Images are to be dropped; everything else in the entries below must be copied exactly.
==== Supplied data ====
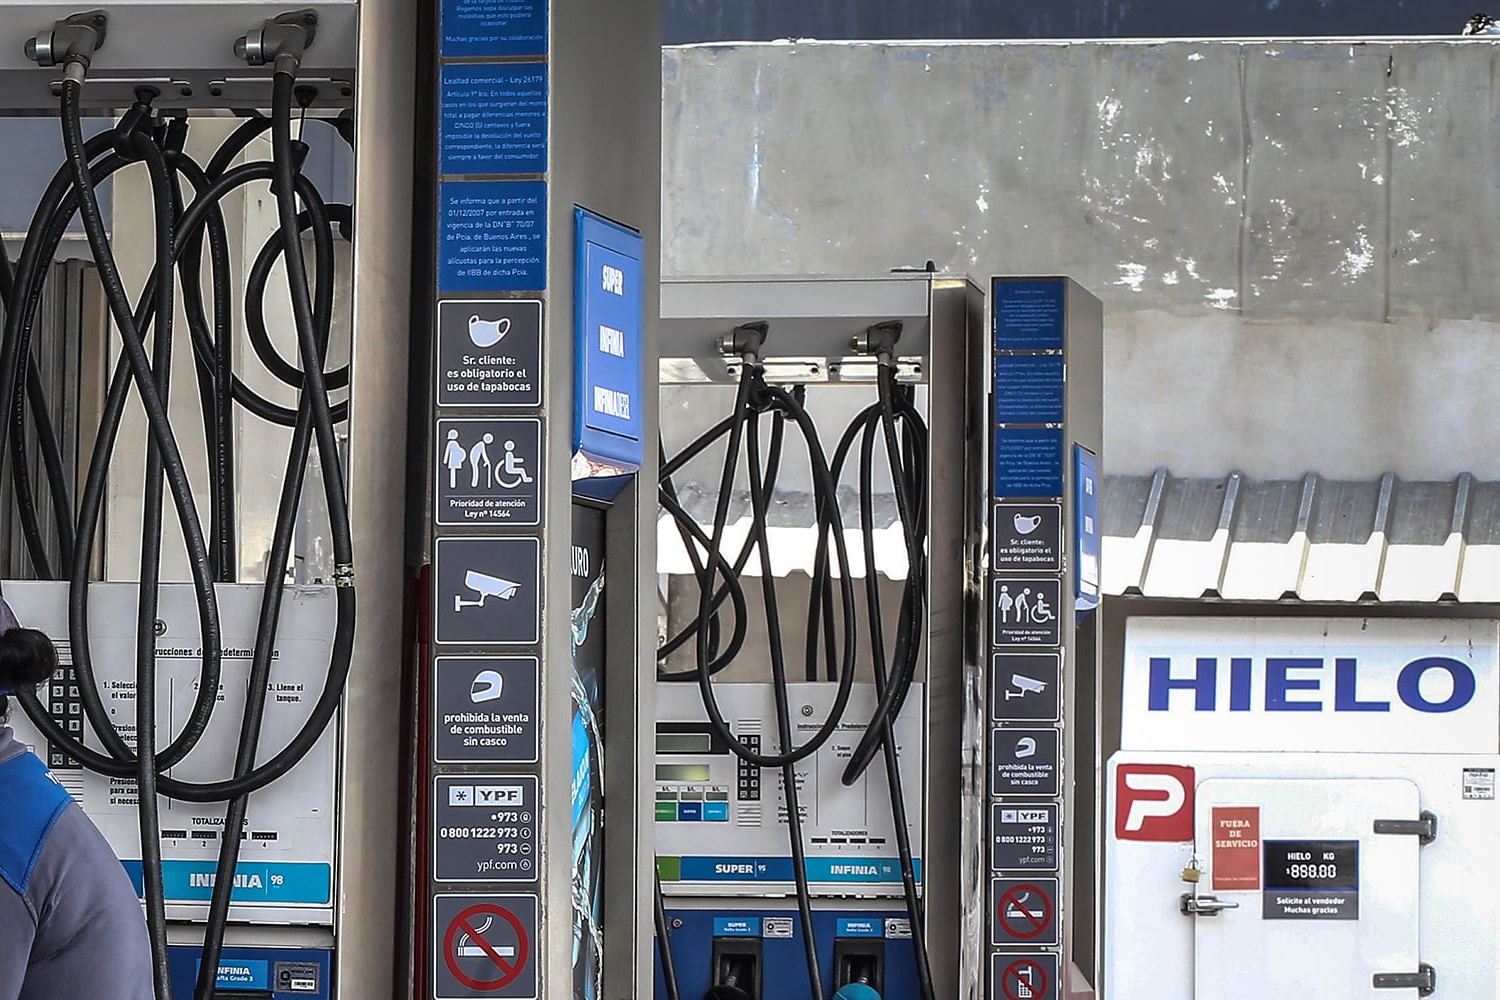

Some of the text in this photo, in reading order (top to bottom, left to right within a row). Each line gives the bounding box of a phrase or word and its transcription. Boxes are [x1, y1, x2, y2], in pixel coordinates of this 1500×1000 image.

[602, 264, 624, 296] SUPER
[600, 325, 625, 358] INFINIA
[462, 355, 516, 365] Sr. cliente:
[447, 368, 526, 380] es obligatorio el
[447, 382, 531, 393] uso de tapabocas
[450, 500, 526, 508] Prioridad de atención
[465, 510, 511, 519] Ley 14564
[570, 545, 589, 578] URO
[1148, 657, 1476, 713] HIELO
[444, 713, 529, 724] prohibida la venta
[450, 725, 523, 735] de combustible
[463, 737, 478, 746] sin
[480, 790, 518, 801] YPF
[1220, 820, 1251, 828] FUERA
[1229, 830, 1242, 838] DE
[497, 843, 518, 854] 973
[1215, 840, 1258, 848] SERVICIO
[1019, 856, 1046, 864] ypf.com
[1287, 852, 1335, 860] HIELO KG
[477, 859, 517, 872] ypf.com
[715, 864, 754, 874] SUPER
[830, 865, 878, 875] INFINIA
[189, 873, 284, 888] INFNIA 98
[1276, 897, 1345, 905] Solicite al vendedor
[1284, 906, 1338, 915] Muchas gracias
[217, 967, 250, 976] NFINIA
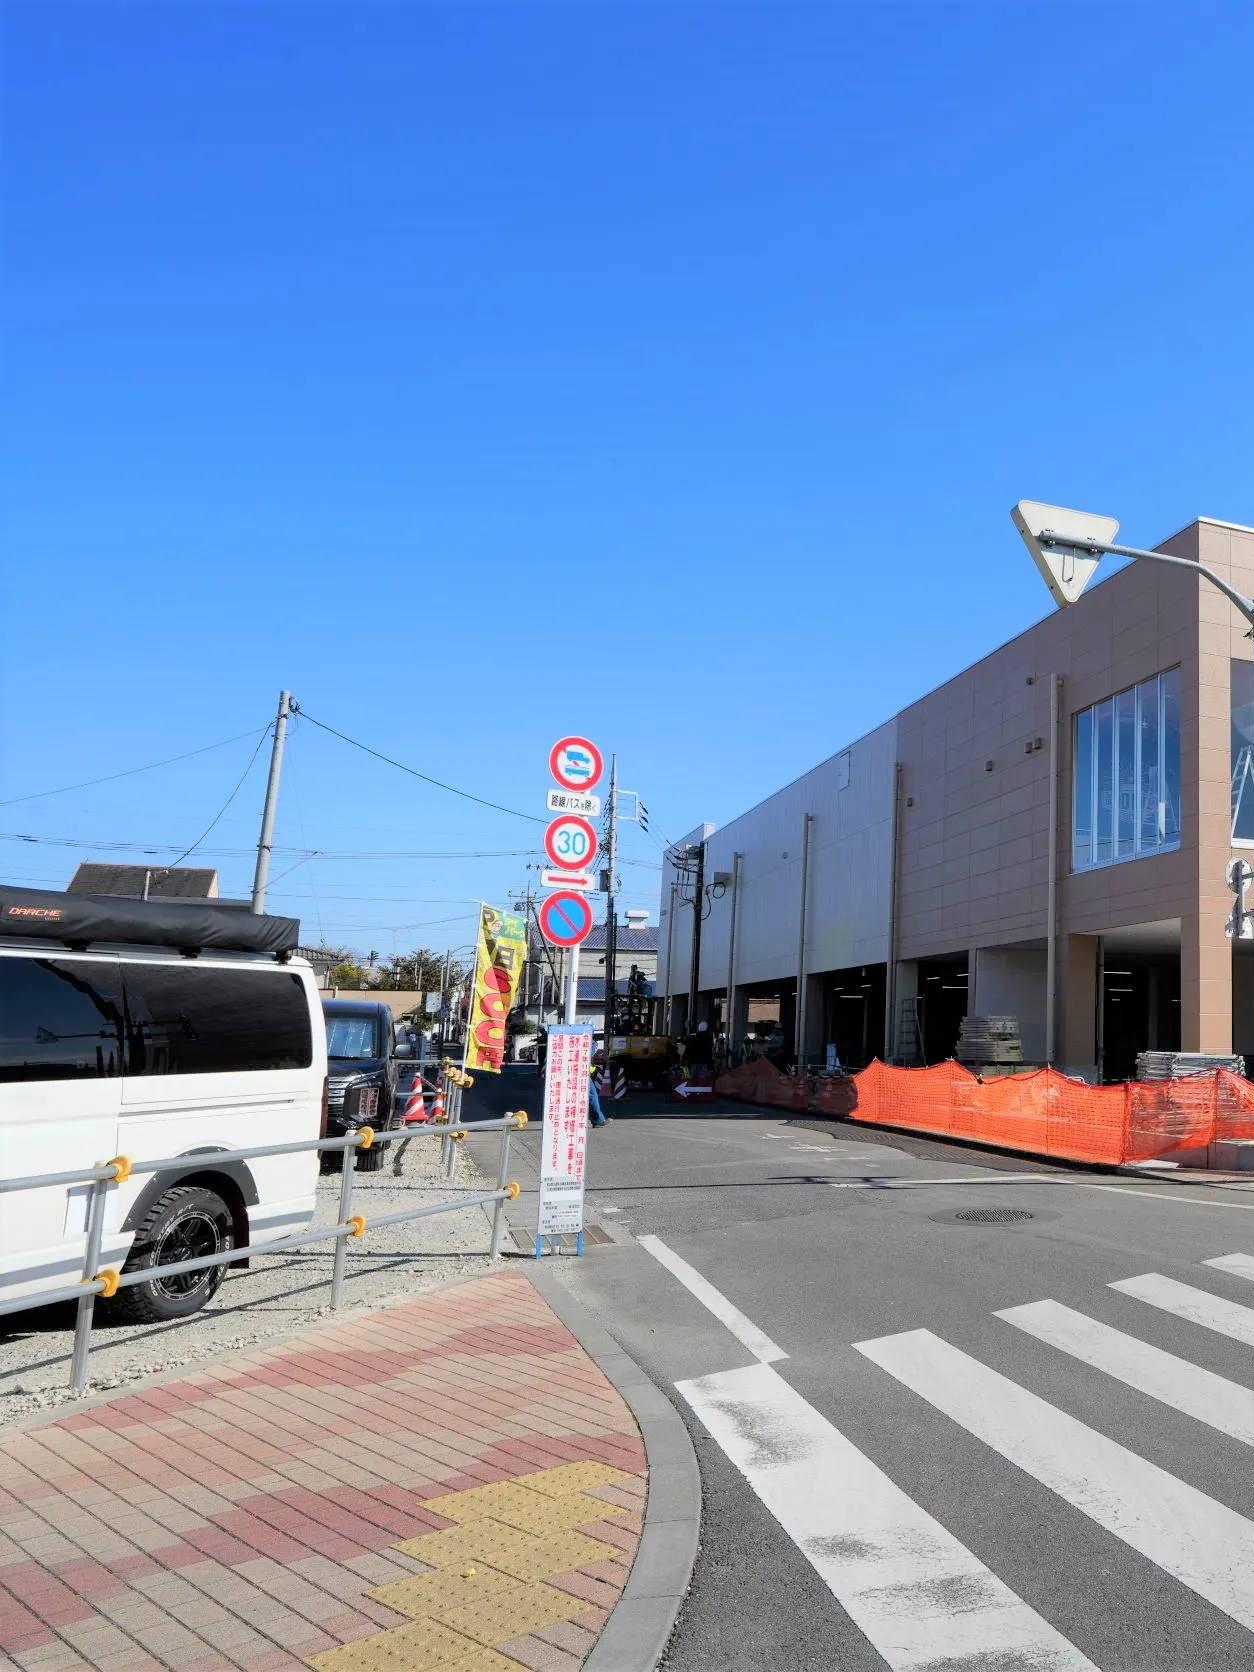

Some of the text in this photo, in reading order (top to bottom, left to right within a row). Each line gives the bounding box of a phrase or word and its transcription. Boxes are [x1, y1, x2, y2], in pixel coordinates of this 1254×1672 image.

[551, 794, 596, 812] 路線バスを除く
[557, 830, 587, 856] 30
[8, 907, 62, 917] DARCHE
====
### Output for this exercise
Some of the text in this photo, in reading order (top to bottom, left to right within a row). Each line gives the bounding box of a phrase or word and its transcription. Boxes are [x1, y1, x2, y2], in pixel coordinates of this 1500×1000 image.

[602, 264, 624, 296] SUPER
[600, 325, 625, 358] INFINIA
[462, 355, 516, 365] Sr. cliente:
[447, 368, 526, 380] es obligatorio el
[447, 382, 531, 393] uso de tapabocas
[450, 500, 526, 508] Prioridad de atención
[465, 510, 511, 519] Ley 14564
[570, 545, 589, 578] URO
[1148, 657, 1476, 713] HIELO
[444, 713, 529, 724] prohibida la venta
[450, 725, 523, 735] de combustible
[463, 737, 478, 746] sin
[480, 790, 518, 801] YPF
[1220, 820, 1251, 828] FUERA
[1229, 830, 1242, 838] DE
[497, 843, 518, 854] 973
[1215, 840, 1258, 848] SERVICIO
[1019, 856, 1046, 864] ypf.com
[1287, 852, 1335, 860] HIELO KG
[477, 859, 517, 872] ypf.com
[715, 864, 754, 874] SUPER
[830, 865, 878, 875] INFINIA
[189, 873, 284, 888] INFNIA 98
[1276, 897, 1345, 905] Solicite al vendedor
[1284, 906, 1338, 915] Muchas gracias
[217, 967, 250, 976] NFINIA

Some of the text in this photo, in reading order (top to bottom, left to right within a row). Each line gives the bounding box of a phrase or word and its transcription. Boxes are [x1, y1, x2, y2], in pixel coordinates of this 1254×1672 image.

[551, 794, 596, 812] 路線バスを除く
[557, 830, 587, 856] 30
[8, 907, 62, 917] DARCHE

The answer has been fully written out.